Why will Ghanaians wait for 72 solid years for this to happen?

In fact if Ghanaians knew this were ever coming someday, why then did they elect Nkrumah, Busia…Mahama to political office?

If we knew Akufo-Addo were going to be here someday, why then did we resort to all those coup d’états?

What were Ghanaians waiting for when they could have voted for this prophet of economic soteriology before his miraculous conception?

Yes, the long-awaited cacogenic redeemer of Ghana’s apocalyptic fiction is here!

Change has finally arrived for good! The Aha moment…the Eureka effect has finally come to stay!

With noble friends like his Lordship King at the helm of affairs in this phantasmagorical dreamland, who needs enemies to undo these goldweights of fulfilled fantasies?

So the die the cast!:

No more tears, no more grinding privation, no more open defecation, no more ethnocentrism, no more funerals, no more deaths, no more dumsor…

No more cedi depreciation, no more hell, no more unemployment, no more public corruption, no more children studying under trees, no more Ghana being an underdeveloped country…

No more underpriced commodities willfully executed in Kumasi and Abossey Okai (Accra) to spite or create popular disaffection for a sitting government…

Only snow-white tears of joy all the way!

Ghana is now already a developed country under Akufo-Addo?

And who says developed countries don’t have problems?

Only Akufo-Addo’s developed country will be different from all other developed countries in human history?

Charlatan Owusu Bempah’s invocation of divine intervention—sort of a Faustian deal, a Faustian contract, a pact with the devil of economic prosperity—in Akufo-Addo’s behalf will culminate in certain alchemizing of Ghana, that long discredited “burning bush” of economic uncertainty, so-called, into the long-awaited or anticipated “Heaven on Earth,” a land flowing with milk and honey…

“Making love with you is all I want to do

“Loving you is more than just a dream come true.

“And everything I do, is out of loving you

“La la la la la, la la la la la

“La la la la la, la la la la la

“Do do do do do, ooh

“No one else can make me feel the colors that you bring

“Stay with me while we grow old, and we will live each day in spring time…

“And every day of my life, is filled with loving you

“Loving you I see your soul come shining through

“And every time that we have

That long-awaited sultry…sensuous “La la la la la, la la la la la…” land is finally here.

Only Akufo-Addo making love with them, namely Ghanaians, will make them feel “the colors” that only he can bring out!

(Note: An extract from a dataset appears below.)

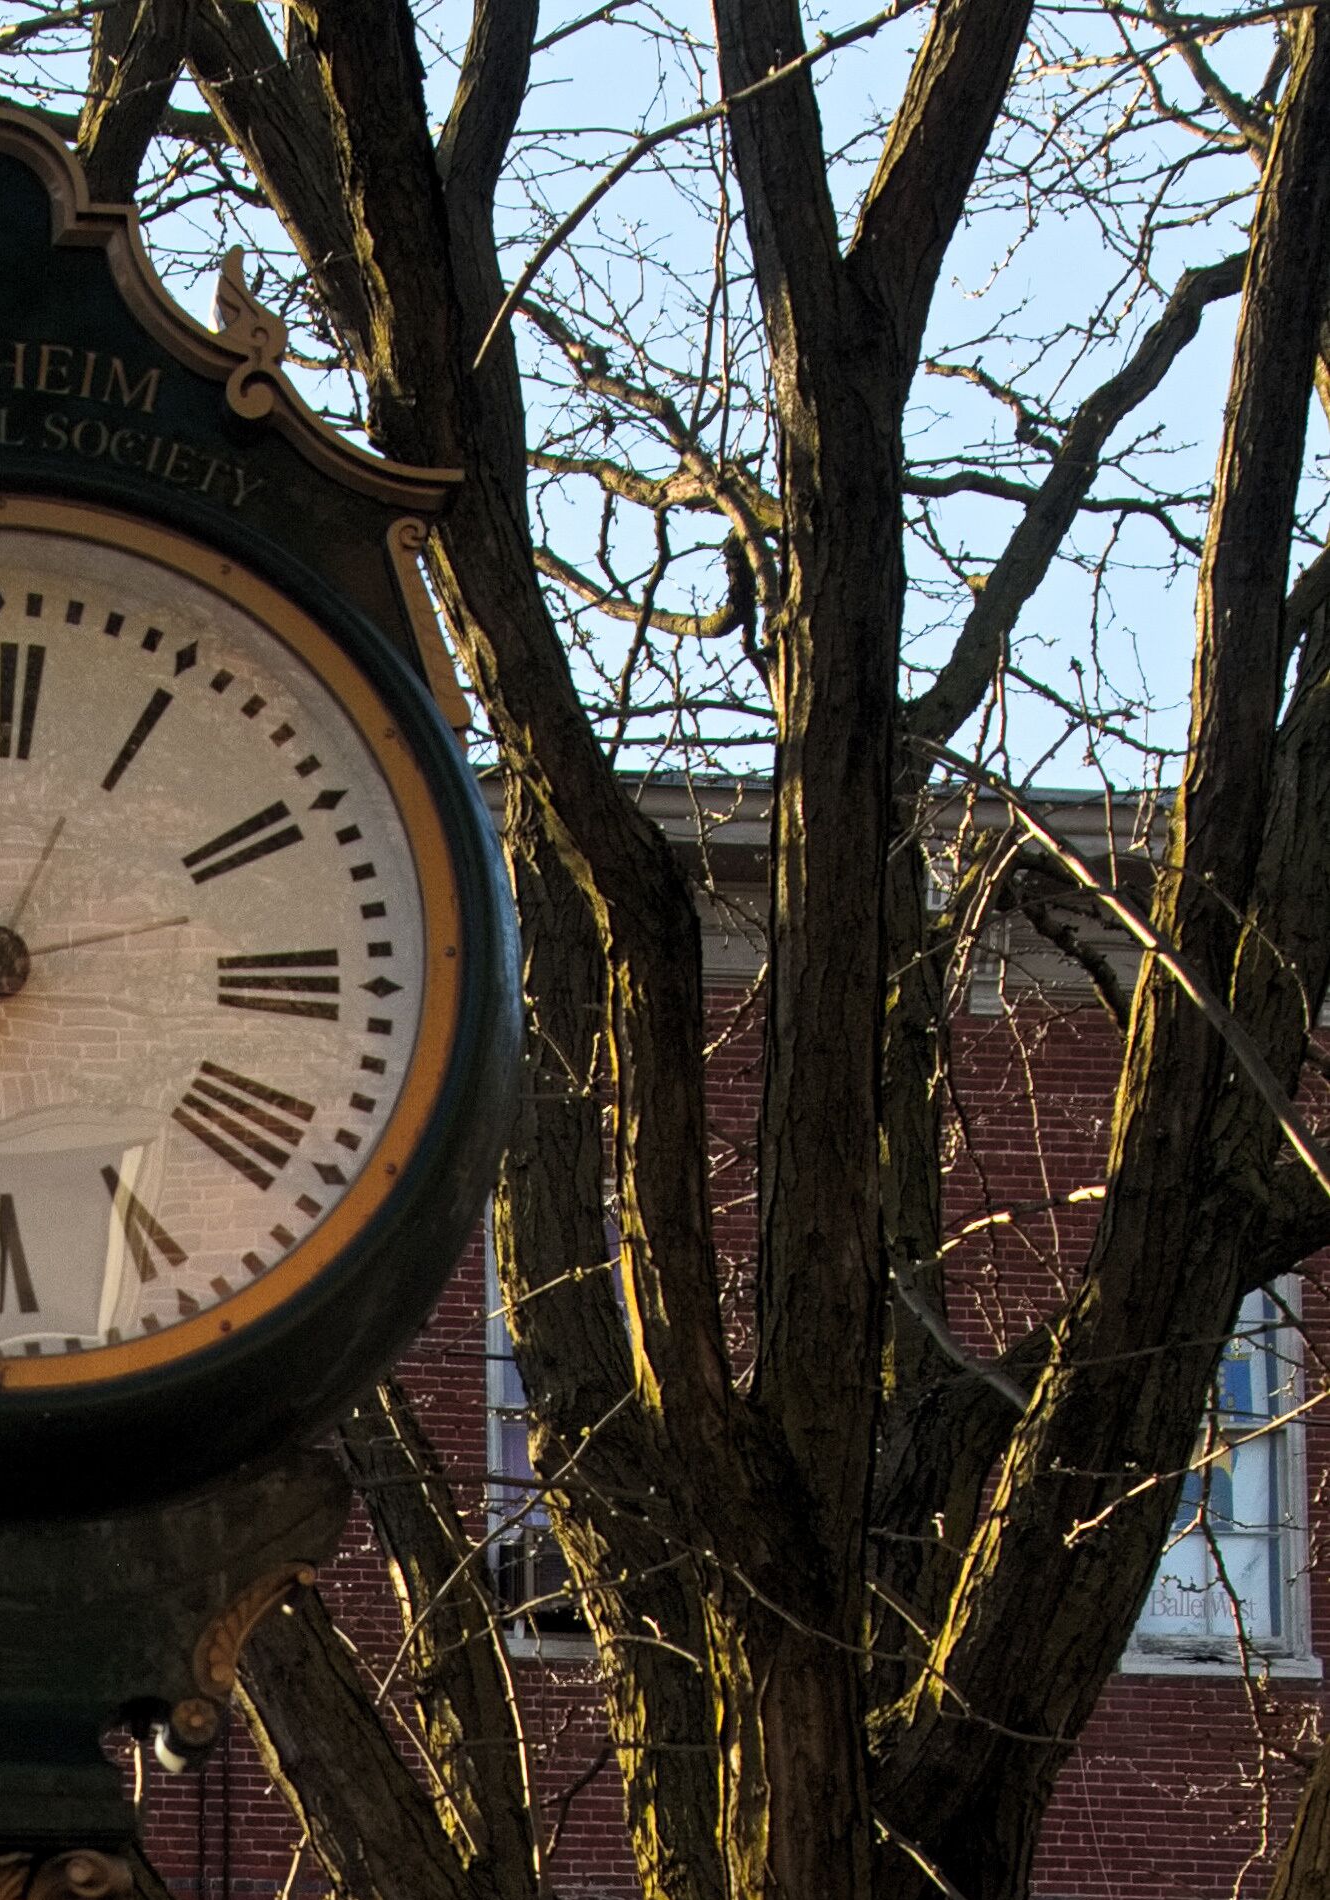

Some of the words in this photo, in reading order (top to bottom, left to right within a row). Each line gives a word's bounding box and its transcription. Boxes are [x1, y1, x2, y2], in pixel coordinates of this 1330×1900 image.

What more do Ghanaians want?

But…fake Owusu Bempah, Akufo-Addo, Bawumia, Kennedy Agyapong, village champion Chairman Wuntomi…will certainly prove doubting Thomases like this clueless, shallow-thinking author, a naysayer, wrong and as well, put him in his place!

Will Akufo-Addo allow the Flagstaff House to be turned into an insane asylum for psittacine tongue-speaking wackos, psychos, or sickos, or a welcoming embrace for those hardworking patriotic technocrats, dedicated men and women who are battle-ready ready to radically change the status quo and to exert pronounced or positive impacts on the average citizen’s standard of living and quality of life?

Will quack Owusu Bempah’s church ever be burnt down?

Has public corruption come to stay because it oils the engine of the country’s kleptomaniacal democracy?

Can the Akufo-Addo presidency be able to build the strong institutions that can sustain a just society, industrial revolution, and an economy based on the idea of export-oriented industrialization?

Does Akufo-Addo have the necessary depth or stereoscopic perception to neutralize Ghana’s dependency complex, to get rid of or minimize corruption in the private sector?

Has the Faustian redeemer—araneid trickster—come to stay?

They say no matter how tall one grows, one can never grow taller than the hair on one’s head.

With Akufo-Addo’s bald head, is there any chance that he could ever grow taller than the non-existent hair on his head?

Perhaps this is the greatest challenge for the people of Ghana and his incoming administration?

They also say, it is easier said than done!

Until then, we shall deliberately await the verdict of the conspiracy of time, unpredictability, and hindsight!

“I have no education; I have inspiration. If I was educated, I would be a damn fool” (Bob Marley).